Your goal =>
Beginning with the line containing "Some of the words" and ending at the last line of the records, transcribe each line exactly. Do not include pictures.

[Dataset entries]

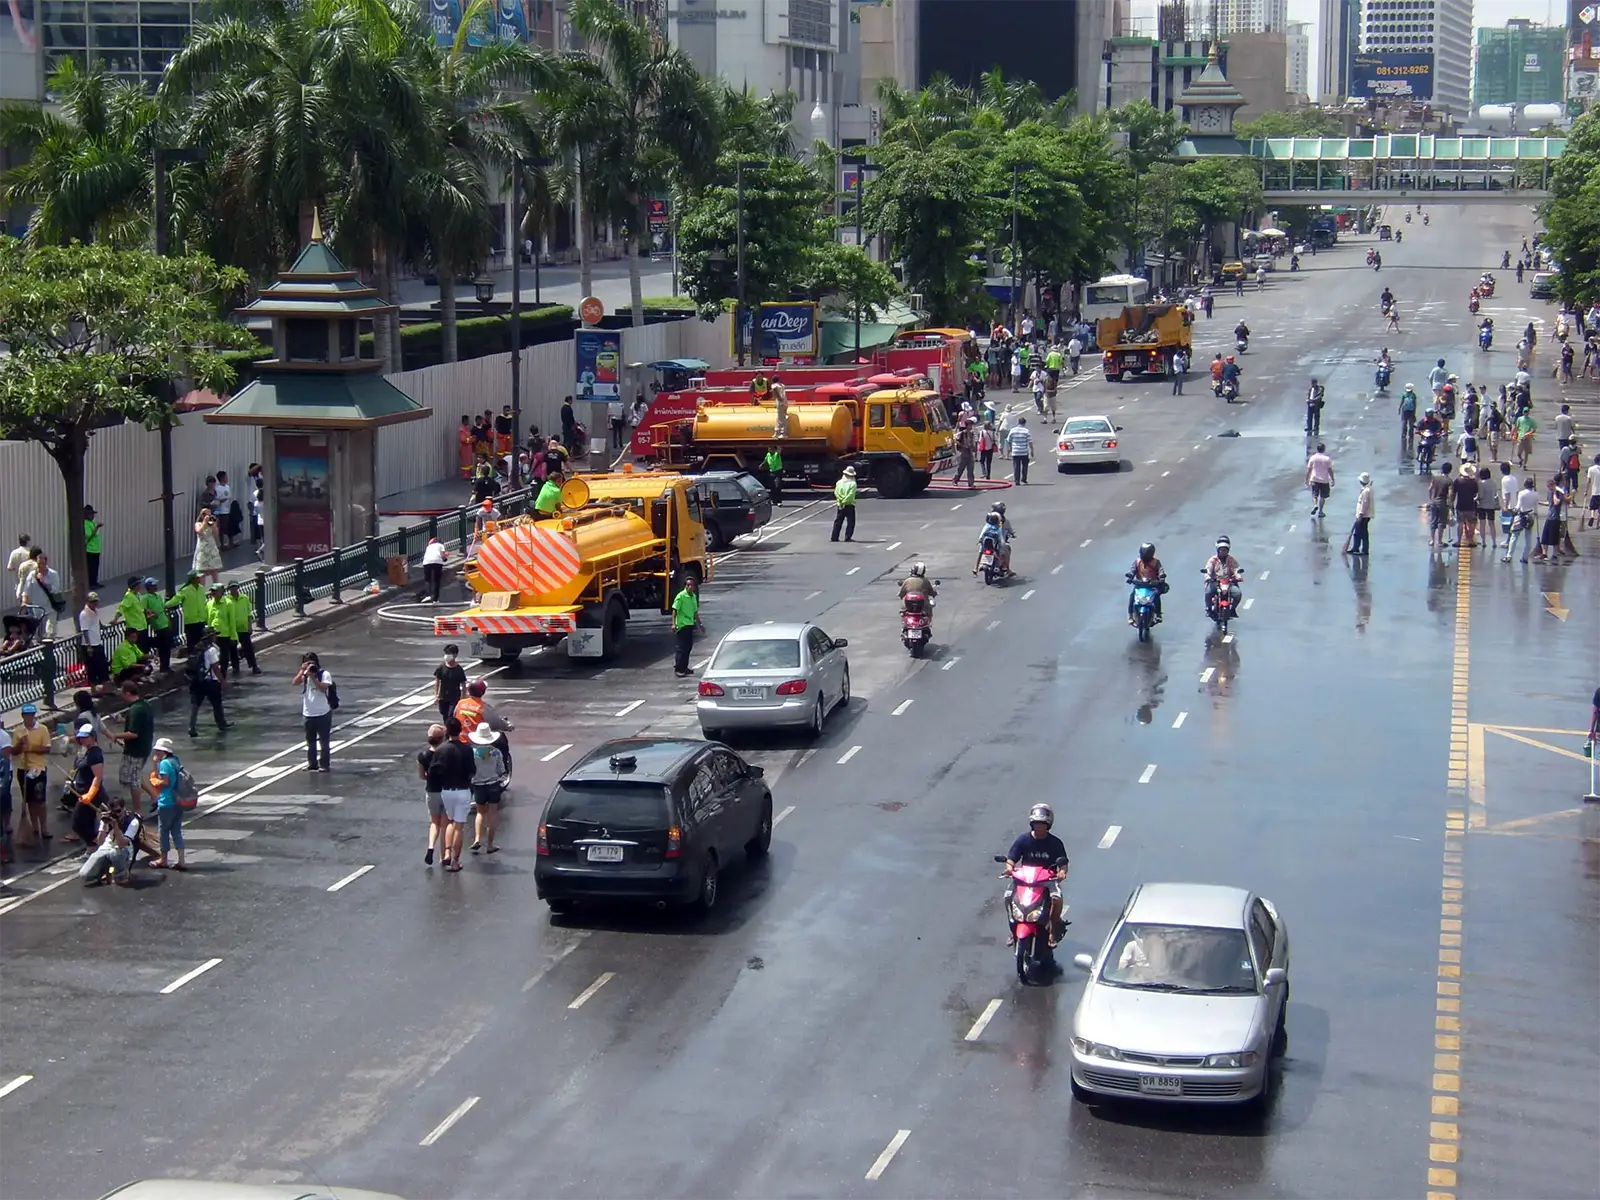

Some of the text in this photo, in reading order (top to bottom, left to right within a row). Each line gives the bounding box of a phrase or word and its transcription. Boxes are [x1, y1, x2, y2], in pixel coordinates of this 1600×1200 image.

[1376, 65, 1429, 75] 081-312-9262
[306, 543, 329, 552] VISA
[1158, 1077, 1180, 1087] 8859
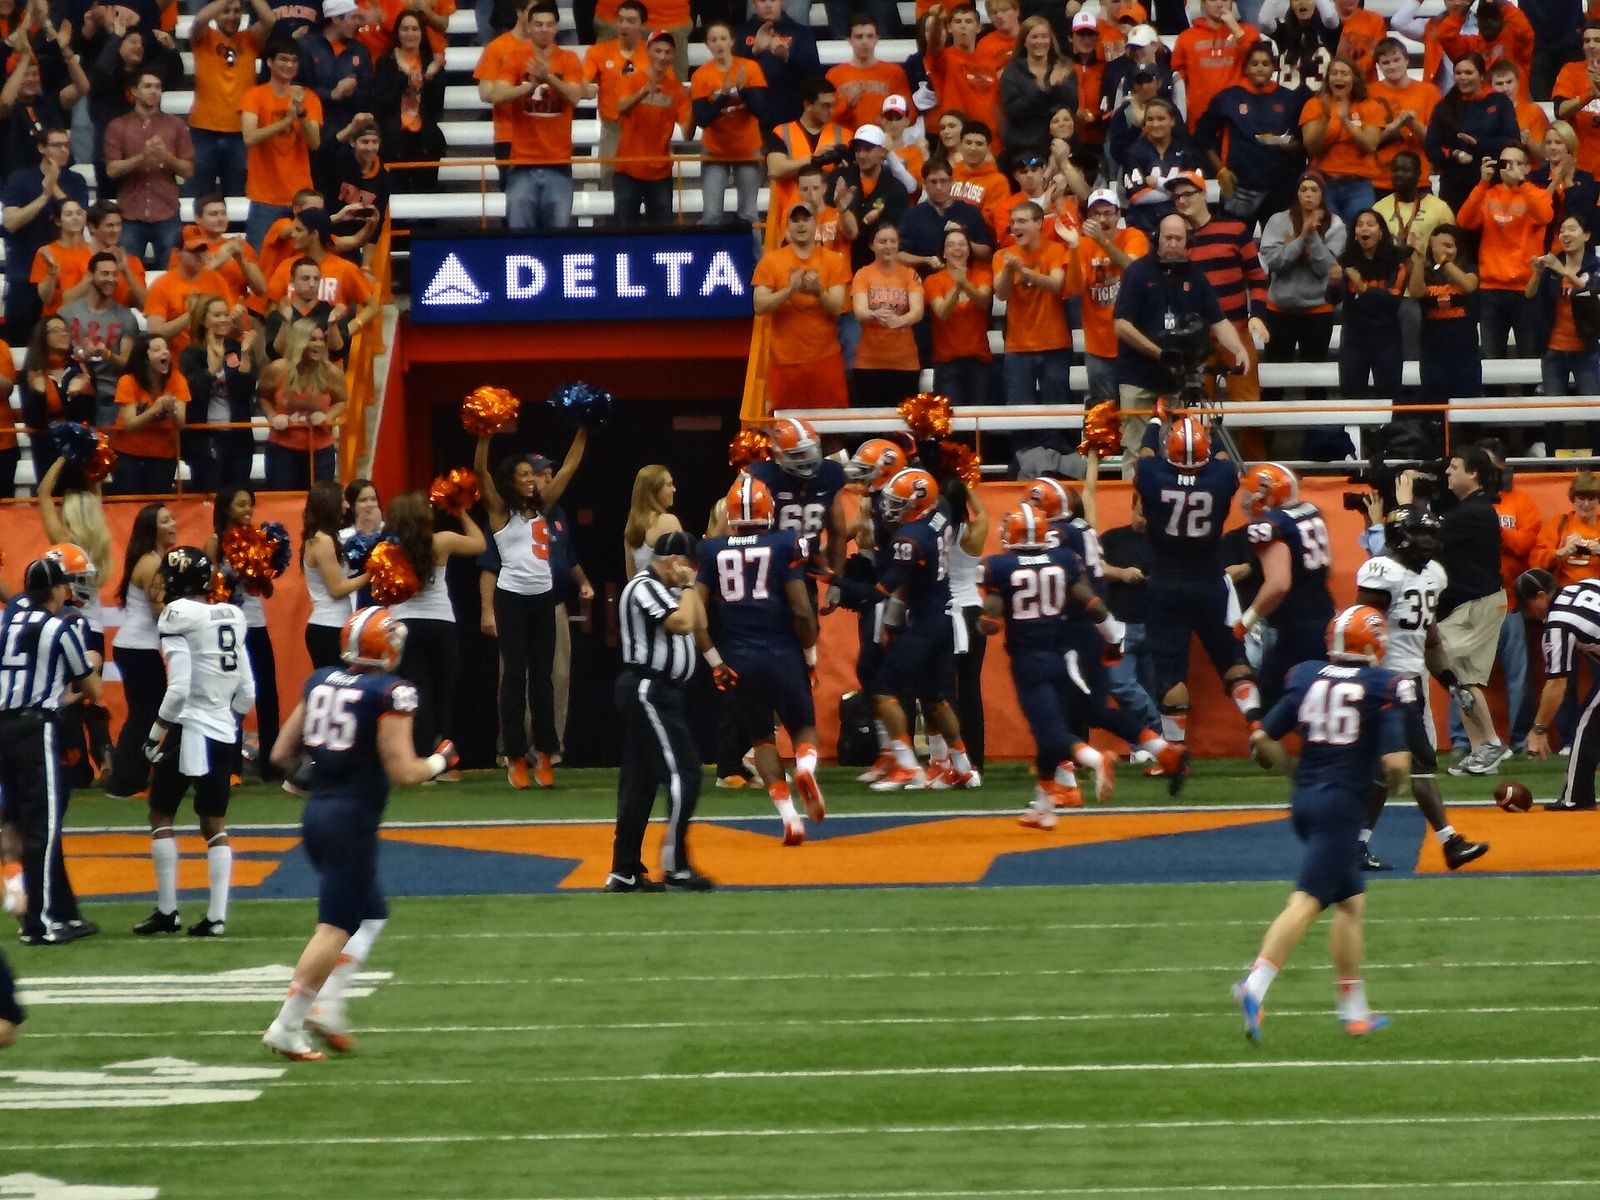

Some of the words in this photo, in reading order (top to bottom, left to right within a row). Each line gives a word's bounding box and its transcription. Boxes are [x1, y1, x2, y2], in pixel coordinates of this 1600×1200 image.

[505, 251, 745, 300] DELTA
[779, 503, 826, 540] 68
[1160, 489, 1213, 538] 72
[530, 518, 550, 561] S
[716, 546, 771, 602] 87
[1010, 565, 1066, 620] 20
[2, 623, 28, 667] L
[218, 624, 238, 672] 9
[303, 684, 365, 751] 85
[1297, 680, 1366, 745] 46
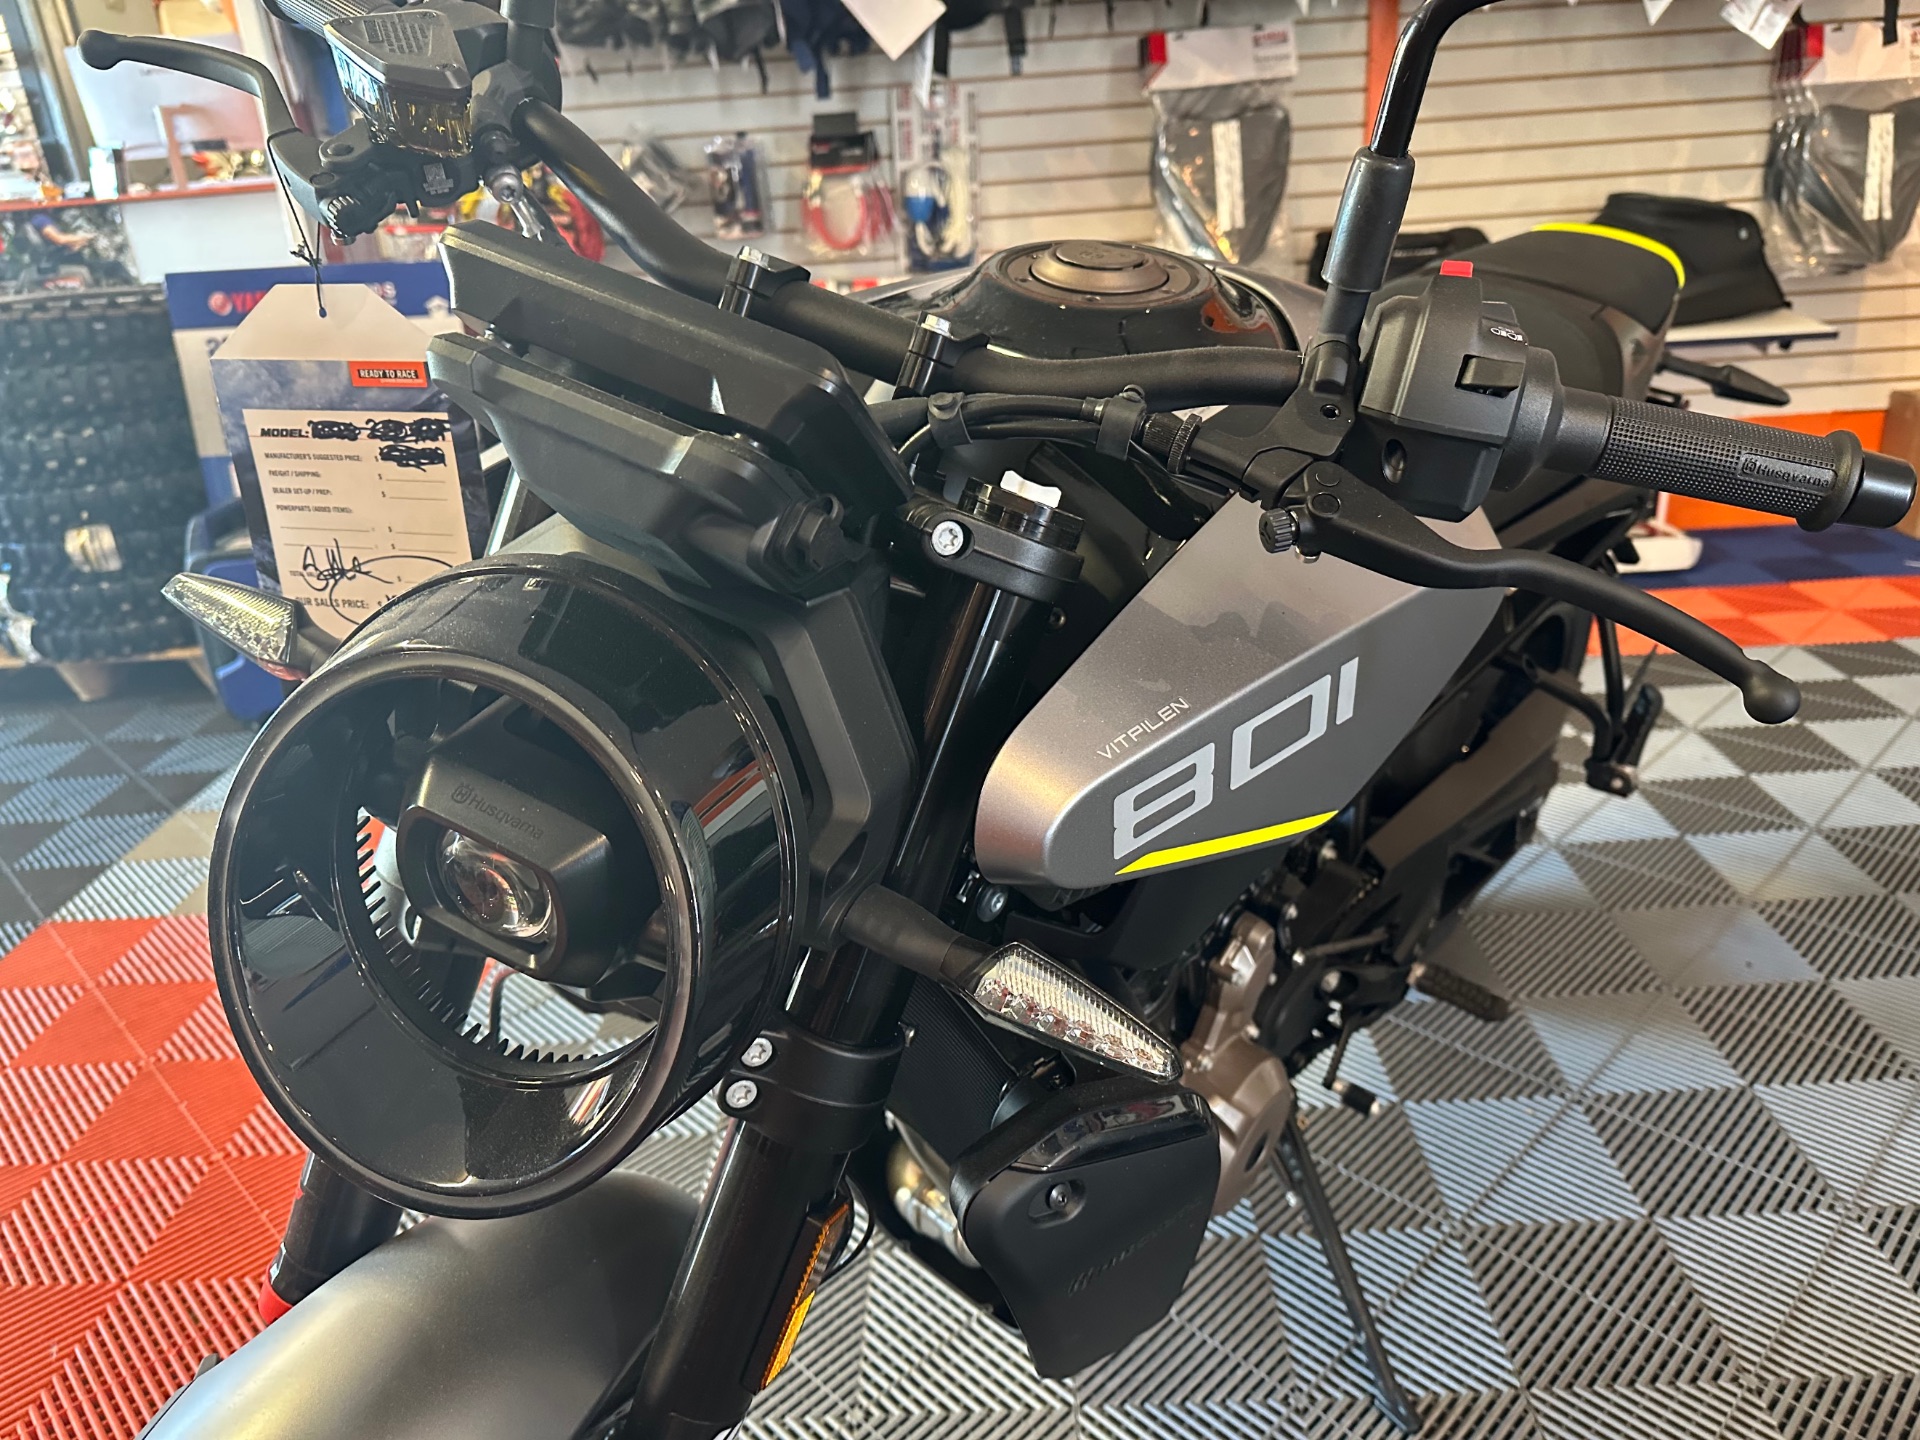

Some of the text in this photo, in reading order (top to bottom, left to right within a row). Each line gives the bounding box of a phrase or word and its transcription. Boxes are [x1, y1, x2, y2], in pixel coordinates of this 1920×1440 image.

[359, 369, 417, 379] READY TO RACE
[260, 428, 310, 438] MODEL:
[1756, 464, 1830, 488] Husqvarna
[341, 599, 370, 609] PRICE:
[1096, 696, 1191, 760] VITPILEN
[1113, 656, 1360, 860] 801
[467, 793, 545, 840] Husqvarna

Solution =>
Some of the words in this photo, in reading order (top to bottom, left to right within a row). Each line gives a word's bounding box and its transcription. Boxes are [x1, y1, x2, y2], in pixel coordinates of this 1600×1200 image.

[505, 251, 745, 300] DELTA
[779, 503, 826, 540] 68
[1160, 489, 1213, 538] 72
[530, 518, 550, 561] S
[716, 546, 771, 602] 87
[1010, 565, 1066, 620] 20
[2, 623, 28, 667] L
[218, 624, 238, 672] 9
[303, 684, 365, 751] 85
[1297, 680, 1366, 745] 46

Some of the text in this photo, in reading order (top to bottom, left to right within a row). Each line gives the bounding box of a phrase or word and its transcription. Boxes are [x1, y1, x2, y2], in pixel coordinates of this 1920×1440 image.

[359, 369, 417, 379] READY TO RACE
[260, 428, 310, 438] MODEL:
[1756, 464, 1830, 488] Husqvarna
[341, 599, 370, 609] PRICE:
[1096, 696, 1191, 760] VITPILEN
[1113, 656, 1360, 860] 801
[467, 793, 545, 840] Husqvarna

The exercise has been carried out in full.